SFAS No. 157 defines fair value, establishes a
framework for measuring fair value in generally accepted
accounting principles and expands disclosure about fair value
measurements. This Statement applies under other accounting
pronouncements that require or permit fair value measurements,
the FASB having previously concluded in those accounting
pronouncements that fair value is the relevant measurement
attribute. Accordingly, this Statement does not require any new
fair value measurements. SFAS No. 157 is effective for
fiscal years beginning after December 15, 2007, or fiscal
year 2008 for the Company. The adoption of
SFAS No. 157 is not expected to have a material impact
on the Companys results of operations or cash flows.
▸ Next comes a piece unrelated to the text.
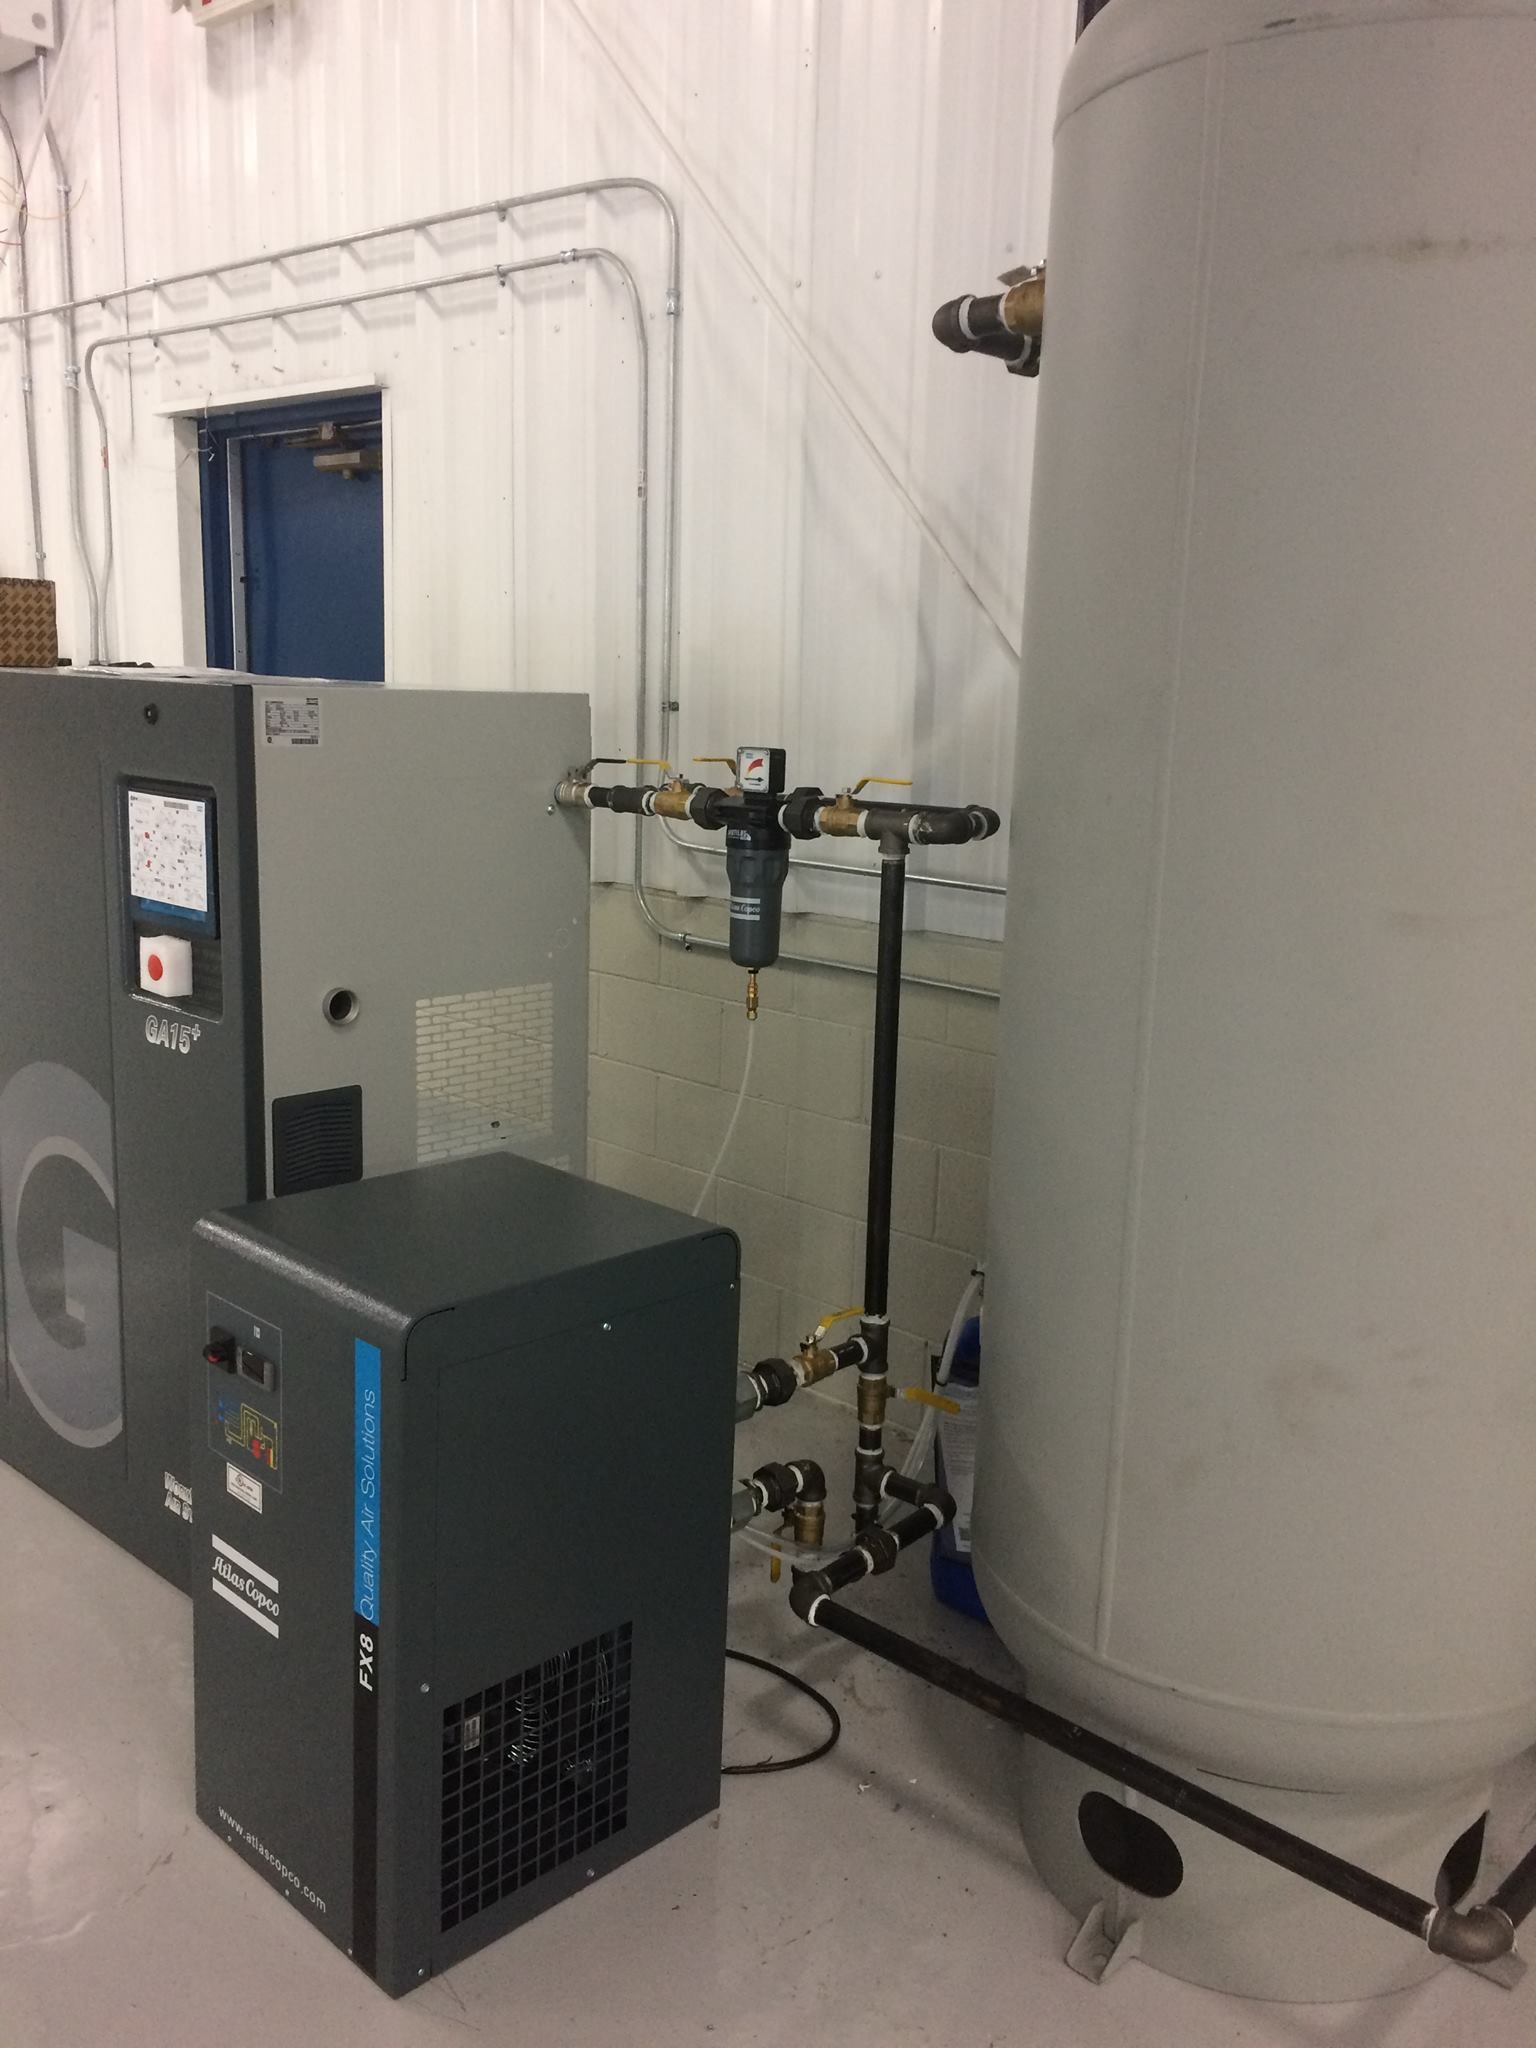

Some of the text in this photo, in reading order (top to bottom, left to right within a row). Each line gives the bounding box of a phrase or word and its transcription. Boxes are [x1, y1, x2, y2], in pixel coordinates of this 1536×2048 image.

[360, 1389, 377, 1621] Quality Air Solutions
[212, 1556, 280, 1616] Atlas Copco
[359, 1633, 374, 1692] FX8
[218, 1806, 326, 1913] www.atlascopco.com
In February 2007, the FASB issued SFAS No. 159,
The Fair Value Option for Financial Assets and Financial
Liabilities Including an Amendment of FASB Statement
No. 115. SFAS No. 159 permits entities to
choose to measure many financial instruments and certain other
items at fair value. Unrealized gains and losses on items for
which the fair value option has been elected will be recognized
in earnings at each subsequent reporting date.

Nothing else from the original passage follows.